The appeal can be very obvious when breathing the tainted air in a big city. Most people who choose to quit living in the suburbs and relocate to the country life make mistakes when choosing and buying acreage because they don't know the difference between buying acreage and buying a home in the suburbs. Make sure that the piece of land that is in the countryside will support your envisioned years of enjoyment by making the right choices. Here are vital guidelines and tips that can help buyers avoid pitfalls in making the right choices:w
Consider the services
When buying a piece of land in the country with an intention of building a home, a buyer needs to consider the types of services available at the acreage.
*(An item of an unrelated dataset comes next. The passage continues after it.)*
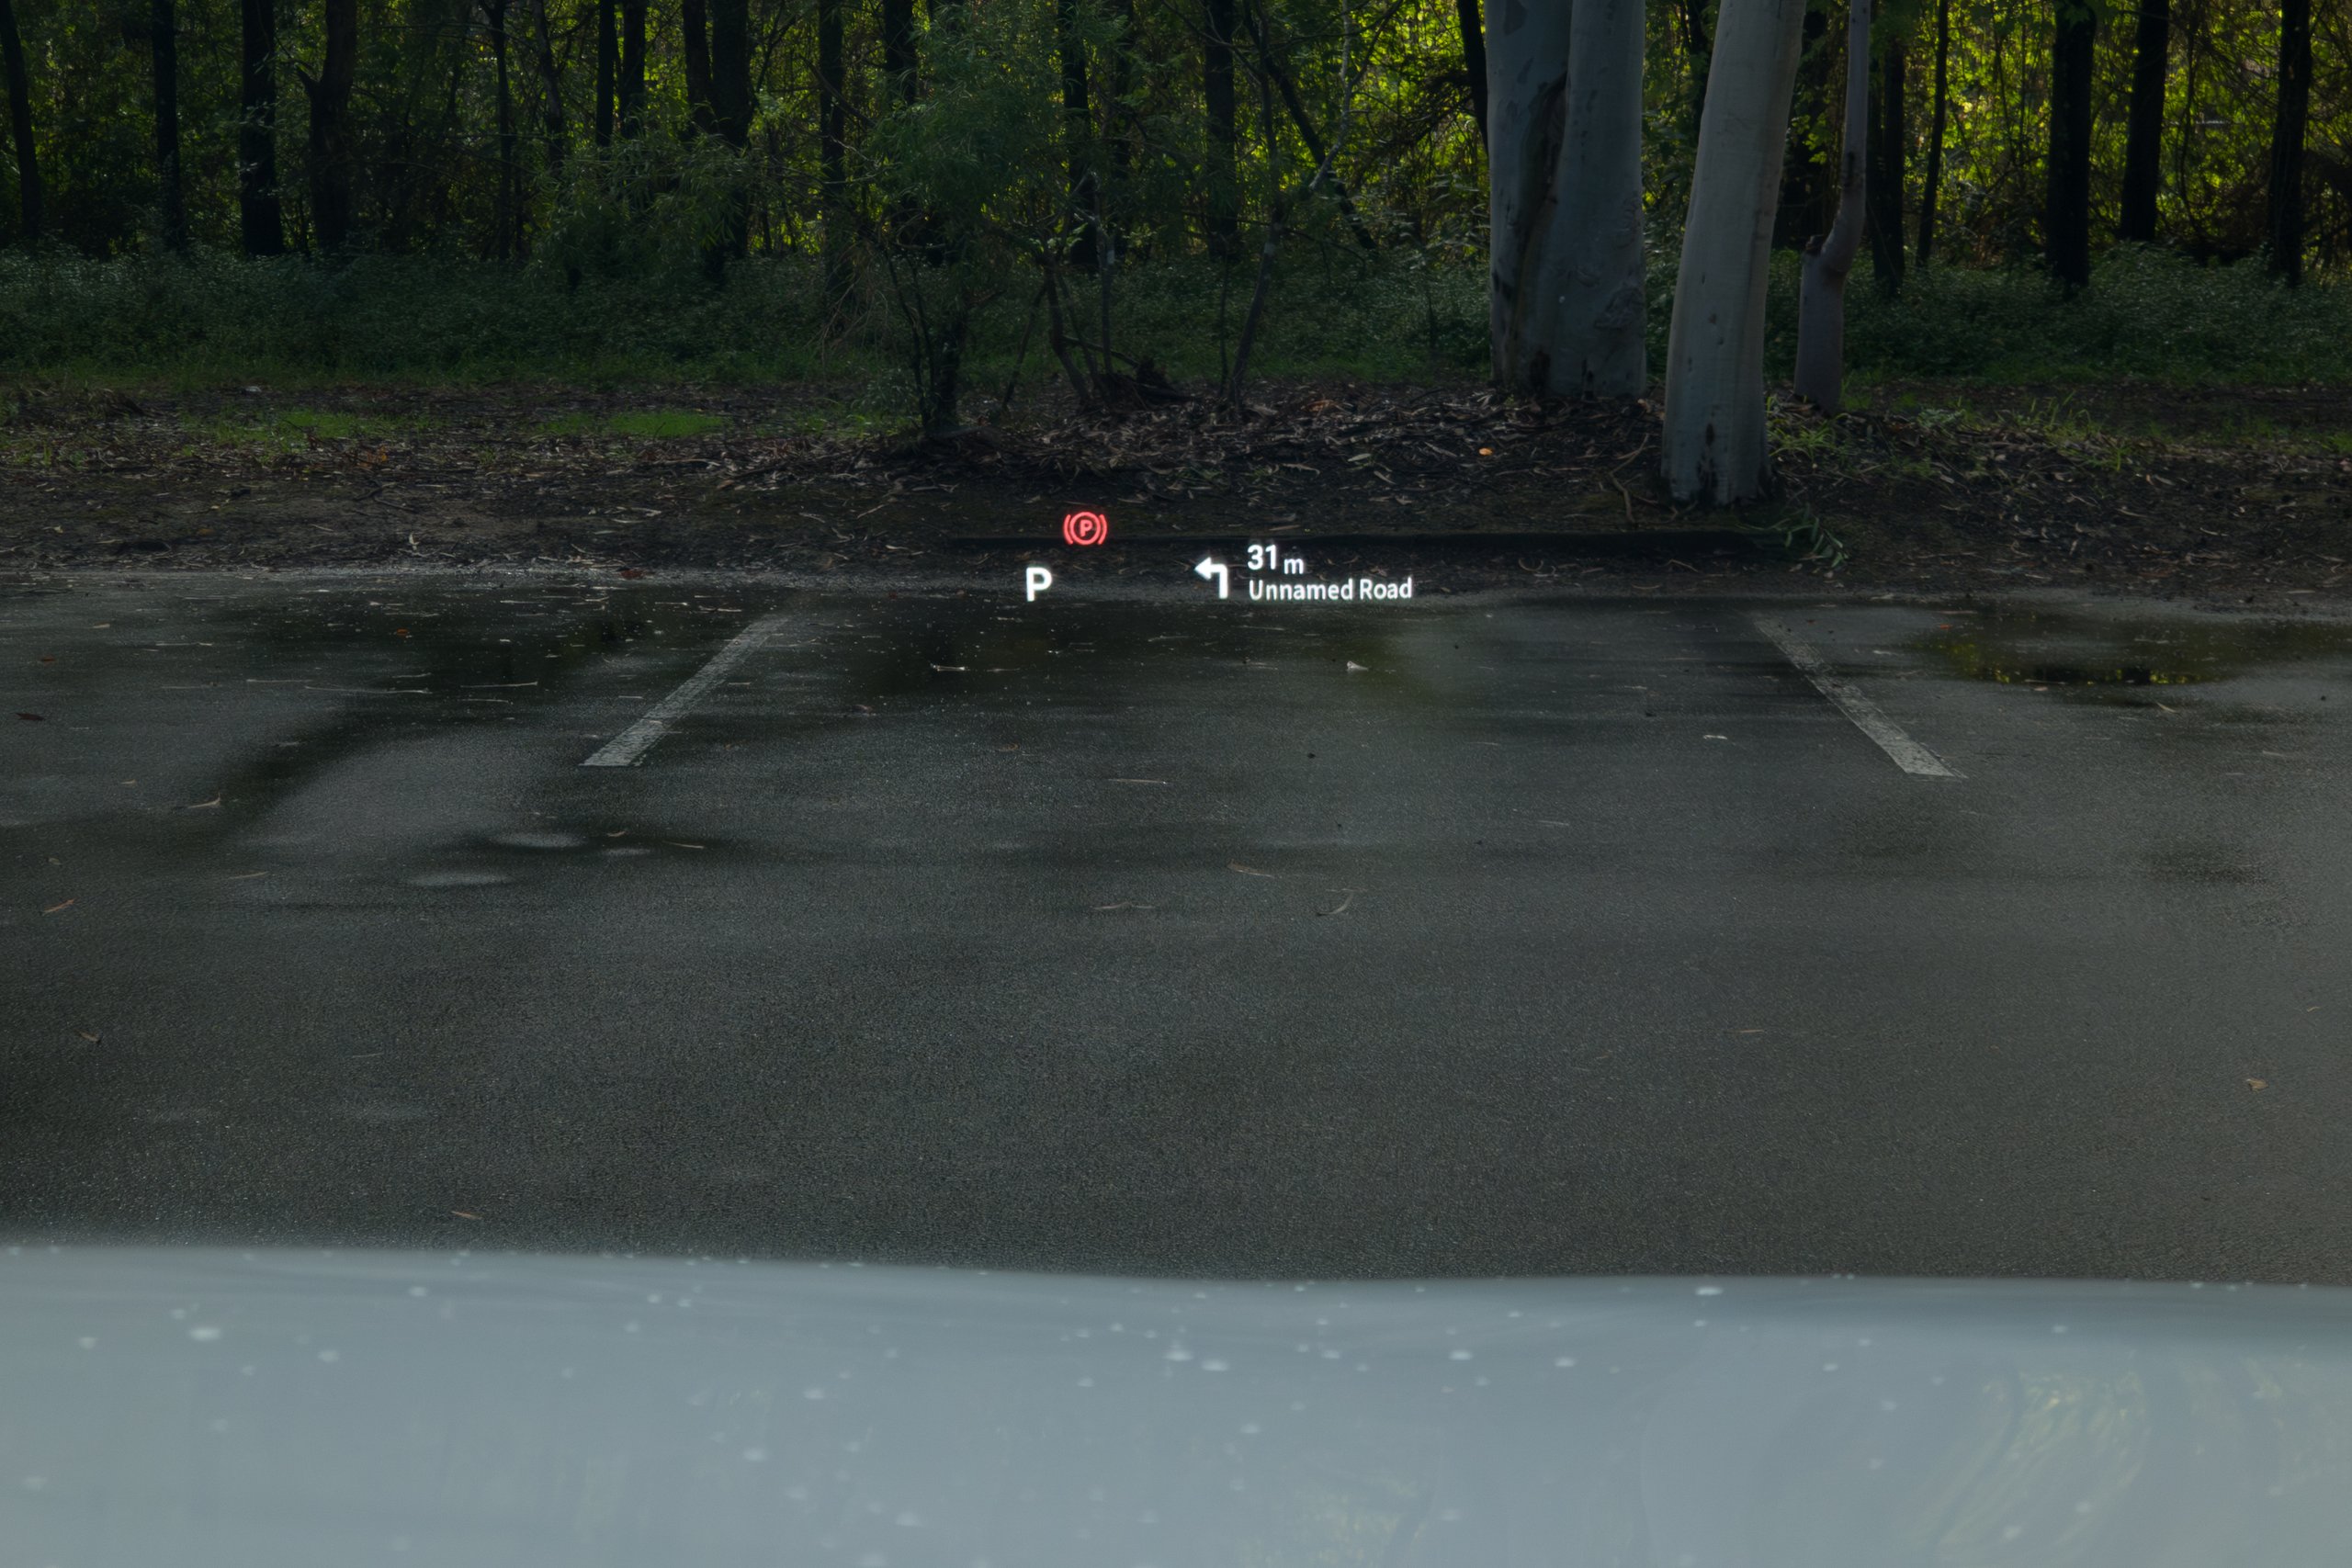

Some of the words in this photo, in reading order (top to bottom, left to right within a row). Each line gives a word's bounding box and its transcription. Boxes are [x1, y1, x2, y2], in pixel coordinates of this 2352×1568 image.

Some of the most crucial services to be considered include snow removal, electricity, road maintenance, accessibility, and garbage collection among others.
In some instances, a buyer may be charged by the utility to bring services like electricity to his or her property from the nearest lines, which might be miles away. It's crucial to assess the quality of water in their wells and the depth of the existing wells. The septic systems being installed in the bare ground should be tested through a percolation test to establish the soil's absorption rate for a drain field or leach field. The septic systems ought to be tested and checked by an authorized local health agent.
Covenants & Ordinances
Most lands in the rural areas have certain protective covenants that regulate the use of the acreage. Under the covenant, there are certain regulations on the types of animals and structures allowed and specifications on where they can be located. Be sure to know who maintains fences and shared driveways.
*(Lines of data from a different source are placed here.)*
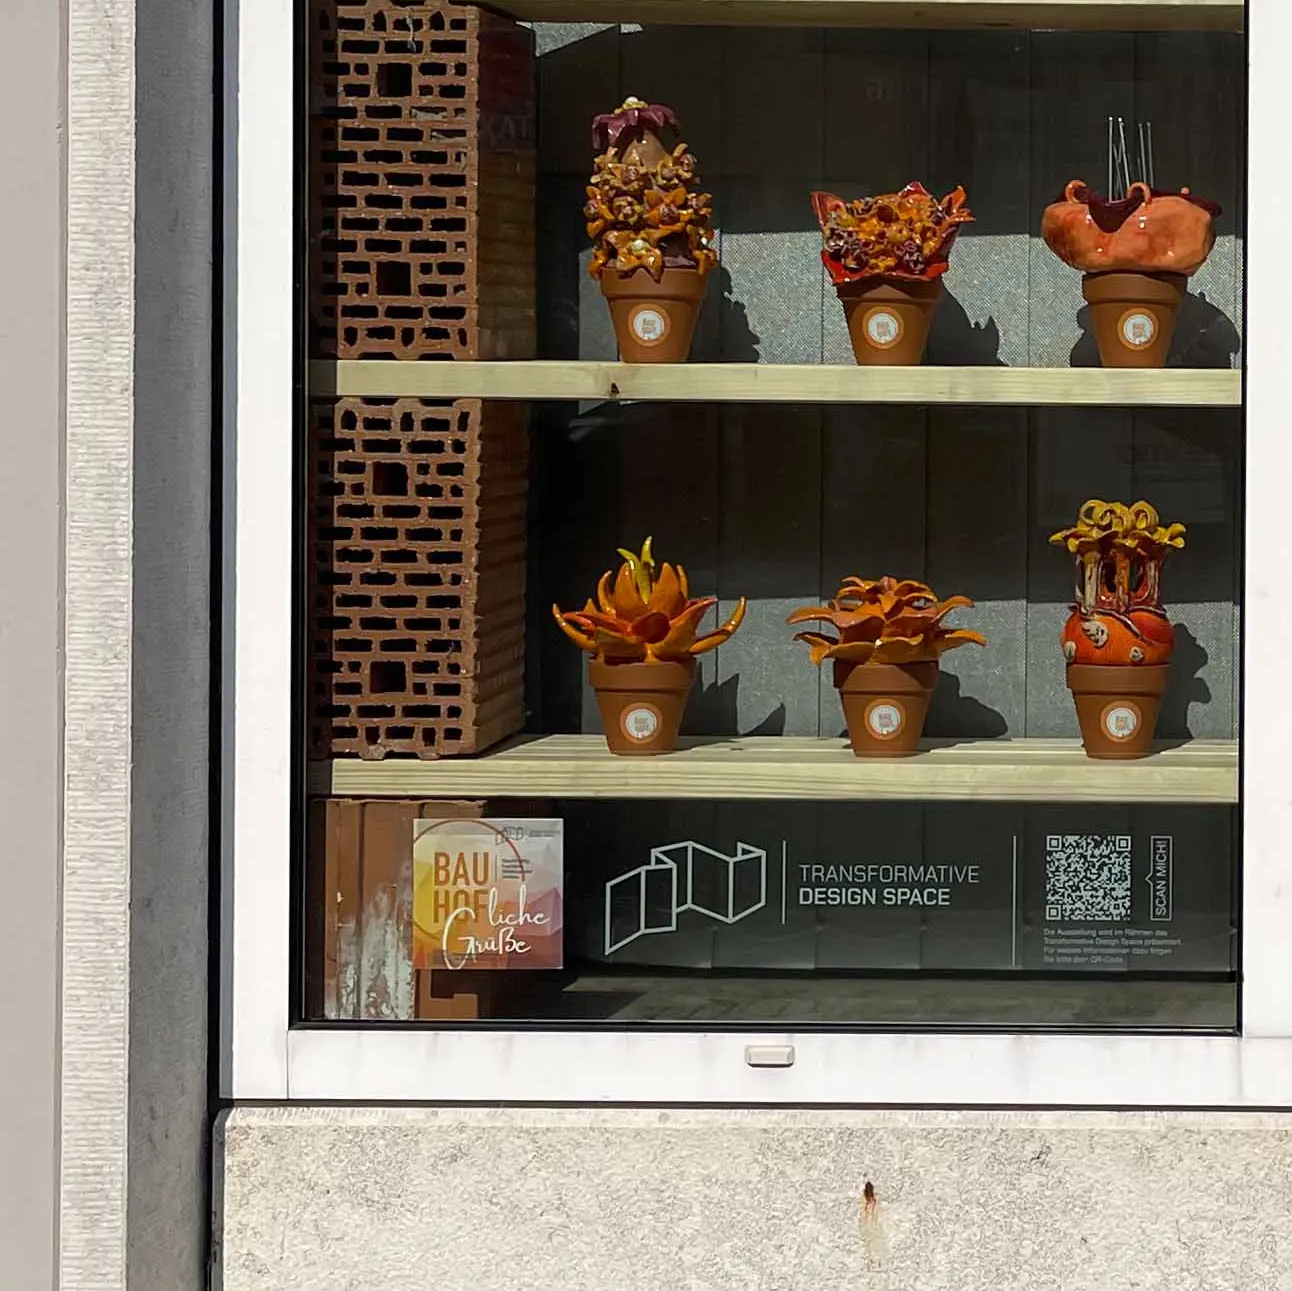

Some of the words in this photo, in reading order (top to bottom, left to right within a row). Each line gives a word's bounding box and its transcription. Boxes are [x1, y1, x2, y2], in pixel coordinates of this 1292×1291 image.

[433, 851, 489, 886] BAU
[799, 864, 980, 884] TRANSFORMATIVE
[799, 887, 877, 906] DESIGN
[883, 887, 951, 906] SPACE
[1155, 880, 1167, 916] SCAN
The area's zoning ordinances may determine how land can be used. For example, certain areas have regulations that don't allow land owners to create ponds by just damming up a creek. In some cases, the zoning ordinances can also determine the types of animals to be reared and the location of creating a driveway. This information can be checked out by contacting the Department of Natural Resources and local zoning commission. If the acreage is near a creek, a buyer should also ask the local council about the potential of flooding.
Insurance & Maintenance
The value of the acreage can hike due to the maintenance, improvement and insurance costs. Fire protection is also an important factor to be considered before a buyer chooses a particular piece of land. Depending on the fire department with jurisdiction in the area, the insurance rates may be higher. Therefore, it's advisable to understand the insurers who offer rural property insurance that covers the home and other features such as outbuildings and ponds.
Taking time to ask around and interact with the locals can also help in determining whether the acreage is suitable for bringing up a family. This is a big investment and buyers ought to be extremely cautious to avoid dumping their hard earned money on a worthless venture.